Depreciation and amortization expenses decreased to 5.2% and 5.4% of revenue for the second quarter and first six months of 2008 from 5.6% and 5.7% in the comparable periods of the prior year. These decreases are the result of improved density in our service center network which provided the opportunity to leverage our investments in property and equipment, and a planned reduction in our capital expenditures for revenue equipment in 2008 in comparison to the level of equipment purchased in recent years. These reductions resulted from our process of matching our fleet size with freight demands.
Our effective tax rate was 39.0% for the second quarter and first six months of 2008 as compared to 39.5% and 38.8% for the second quarter and first six months of 2007, respectively. The effective tax rate exceeded the federal statutory rate of 35% primarily due to the impact of state taxes and, to a lesser extent, certain non-deductible items.
Liquidity and Capital Resources
We have three primary sources of available liquidity to fund our estimated capital expenditures: cash flows from operations, cash and short-term investments and available borrowings under the senior unsecured revolving credit agreement pursuant to the terms of an amended and restated credit agreement dated August 10, 2006 (the “Credit Agreement”).
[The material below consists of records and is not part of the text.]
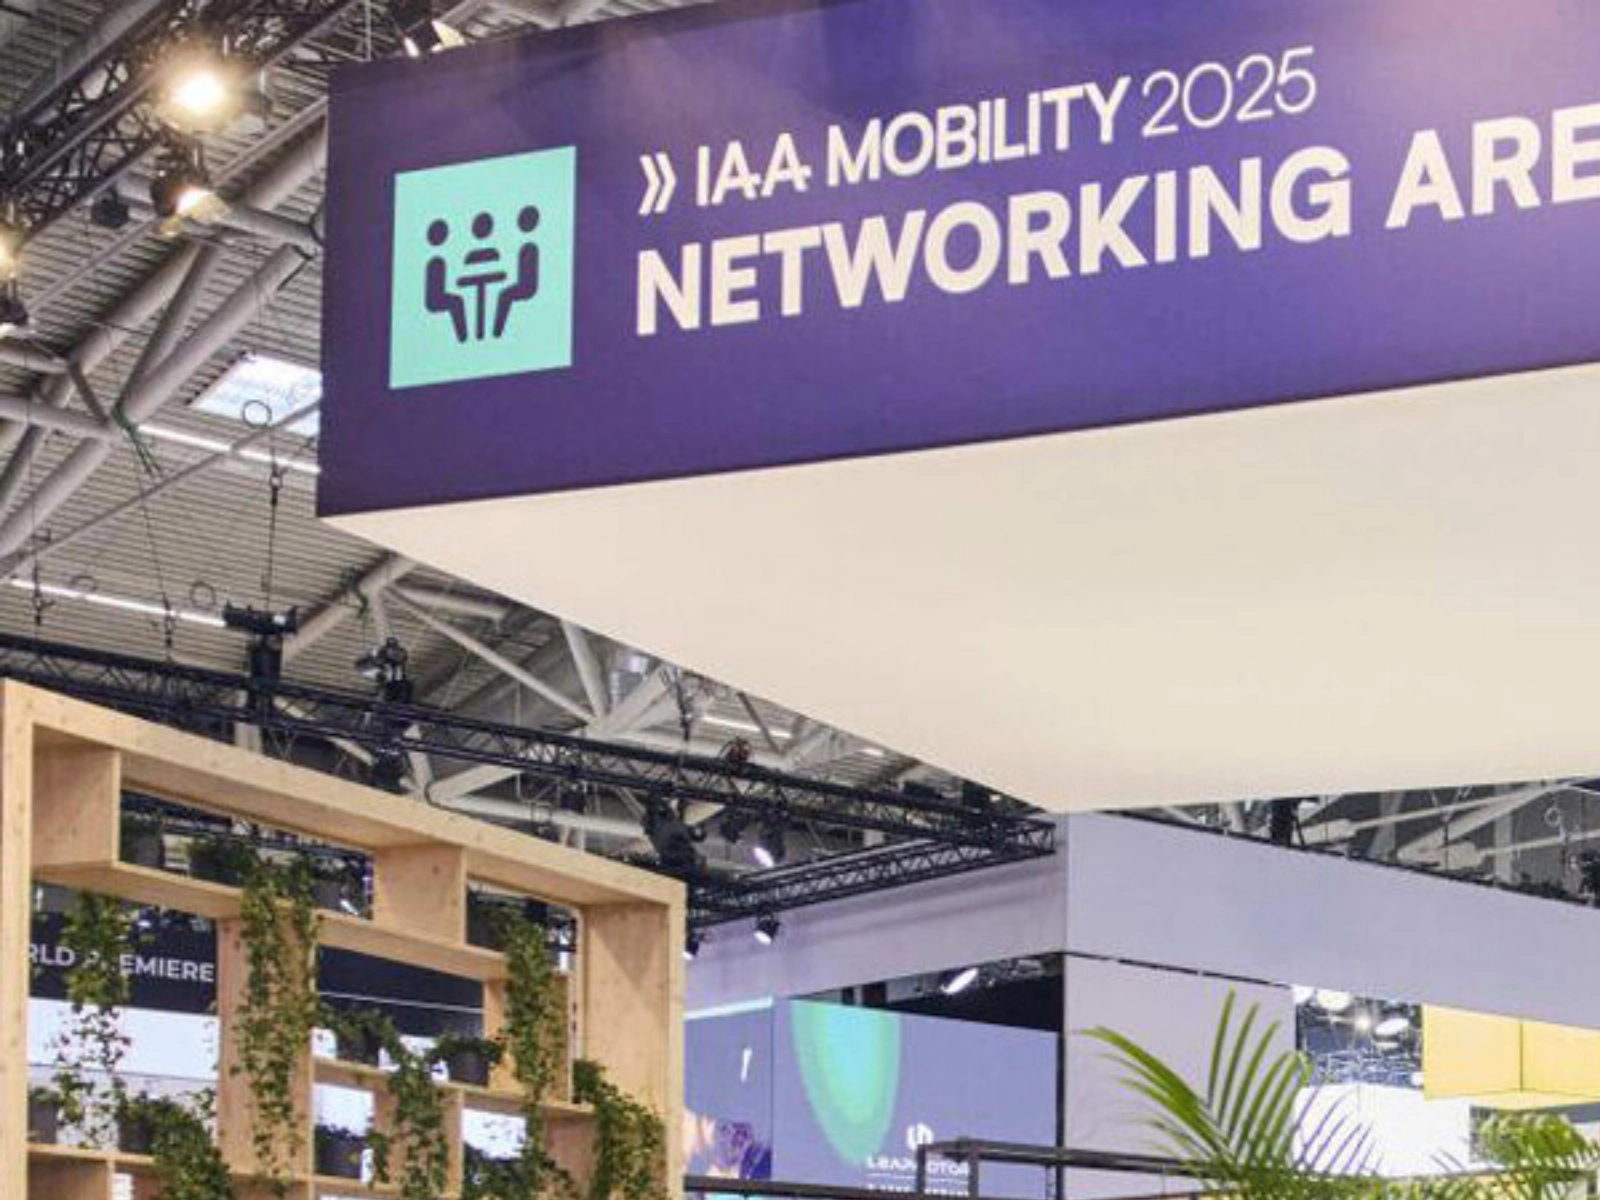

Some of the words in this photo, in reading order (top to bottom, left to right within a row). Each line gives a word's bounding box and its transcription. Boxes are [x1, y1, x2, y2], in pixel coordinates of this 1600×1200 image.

[697, 132, 812, 207] IAA
[827, 76, 1132, 188] MOBILITY
[1141, 45, 1317, 137] 2025
[635, 145, 1353, 337] NETWORKING
[28, 943, 76, 967] RLD
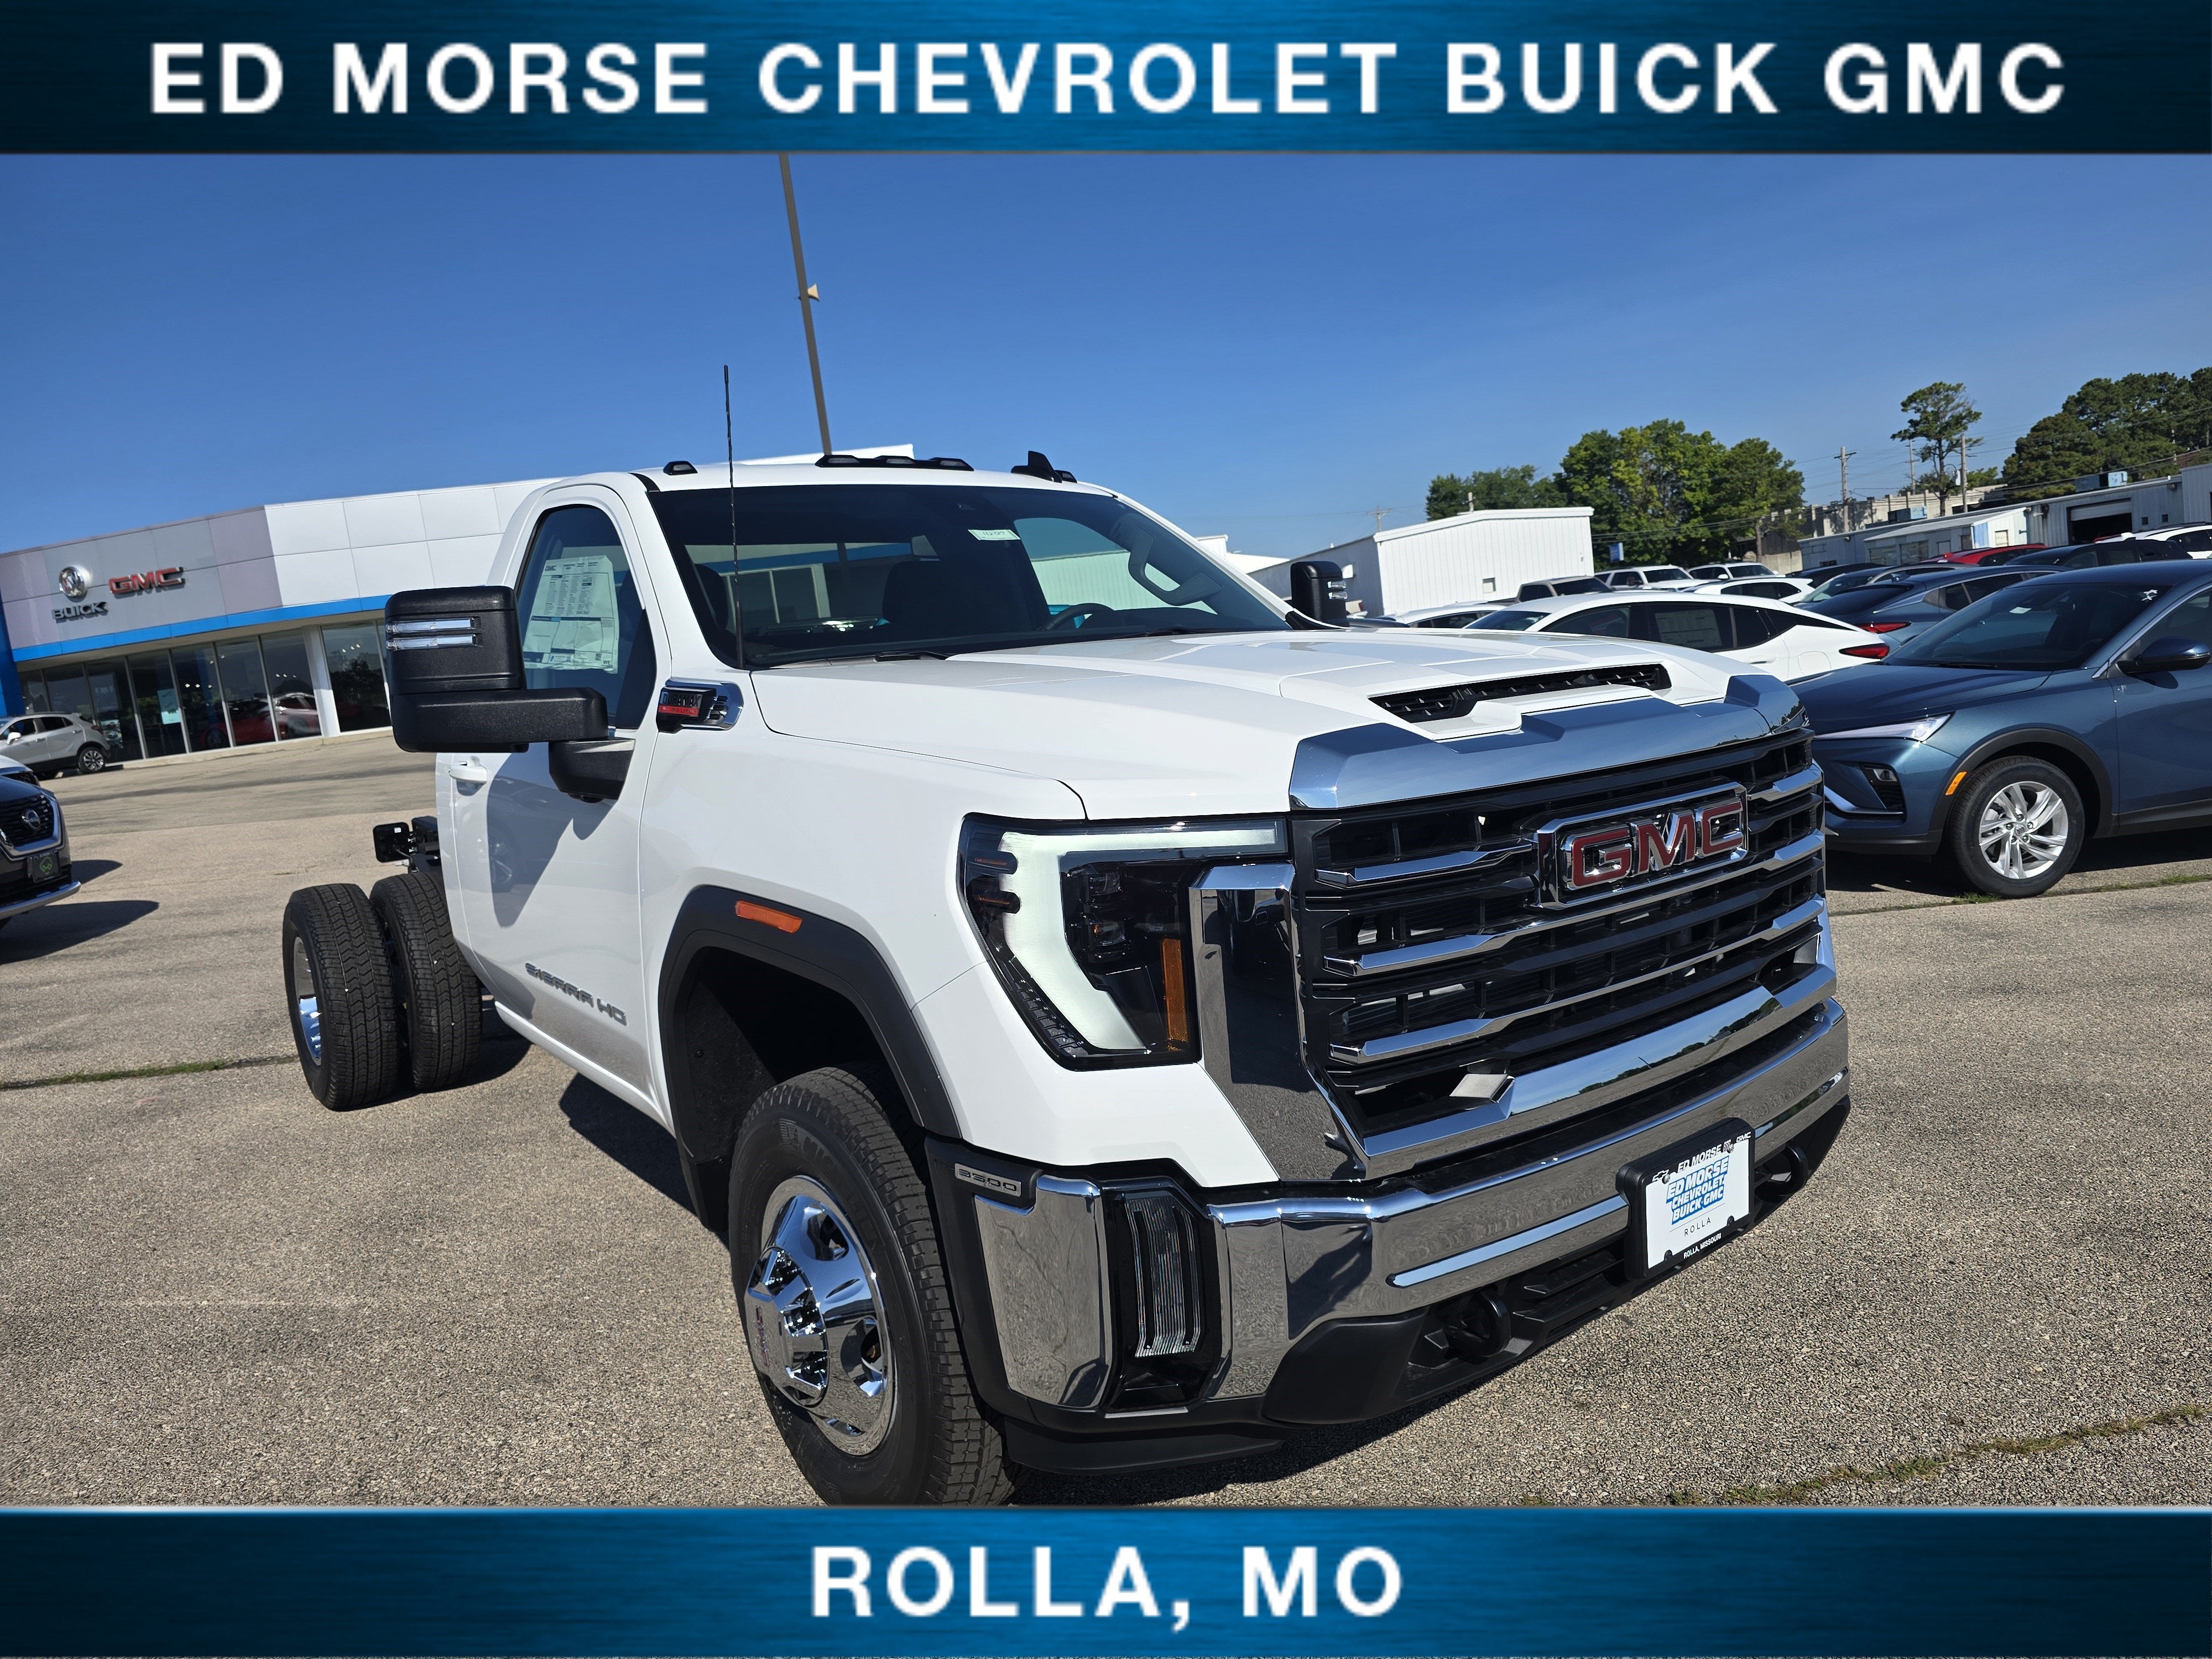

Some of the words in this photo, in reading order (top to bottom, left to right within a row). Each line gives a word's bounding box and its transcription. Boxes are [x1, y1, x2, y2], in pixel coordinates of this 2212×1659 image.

[109, 567, 183, 594] GMC
[51, 601, 108, 620] BUICK
[1564, 800, 1744, 889] GMC
[525, 962, 594, 1008] SIERRA
[596, 998, 628, 1027] HD
[1736, 1131, 1751, 1143] GMC
[1677, 1159, 1690, 1173] ED
[1691, 1144, 1722, 1167] MORSE
[958, 1168, 1018, 1192] 3500
[1667, 1178, 1686, 1202] ED
[1684, 1157, 1729, 1191] MORSE
[1671, 1174, 1725, 1210] CHEVROLET
[1672, 1196, 1703, 1223] BUICK
[1703, 1186, 1724, 1207] GMC
[1684, 1217, 1711, 1237] ROLLA
[1683, 1245, 1700, 1259] ROLLA,
[1700, 1232, 1722, 1250] MISSOURI
We also have the ability to issue senior notes to provide another source of liquidity, if needed. Expansion in both the size and number of service center facilities, our planned tractor and trailer replacement cycle and revenue growth have required continued investment in real estate and equipment. In order to support these requirements in the first six months of 2008, we purchased property and equipment of $62,086,000 and paid $7,267,000 to acquire certain business assets through acquisitions. Cash flows from operations and proceeds from the sale of property and equipment completely funded these expenditures and allowed us to increase our balance of cash and short-term investments during the first six months of 2008. At June 30, 2008, cash and short-term investments increased to $37,313,000 from $30,703,000 at December 31, 2007.
We currently project capital expenditures, net of anticipated proceeds from dispositions, to be approximately $155,000,000 to $165,000,000 for the year ending December 31, 2008. Of our capital expenditures, approximately $100,000,000 is allocated for the purchase of service center facilities, construction of new service center facilities or expansion of existing service center facilities; approximately $50,000,000 is allocated for the purchase of tractors and trailers; and approximately $10,000,000 is allocated for investments in technology. We plan to fund these capital expenditures primarily through cash flows from operations.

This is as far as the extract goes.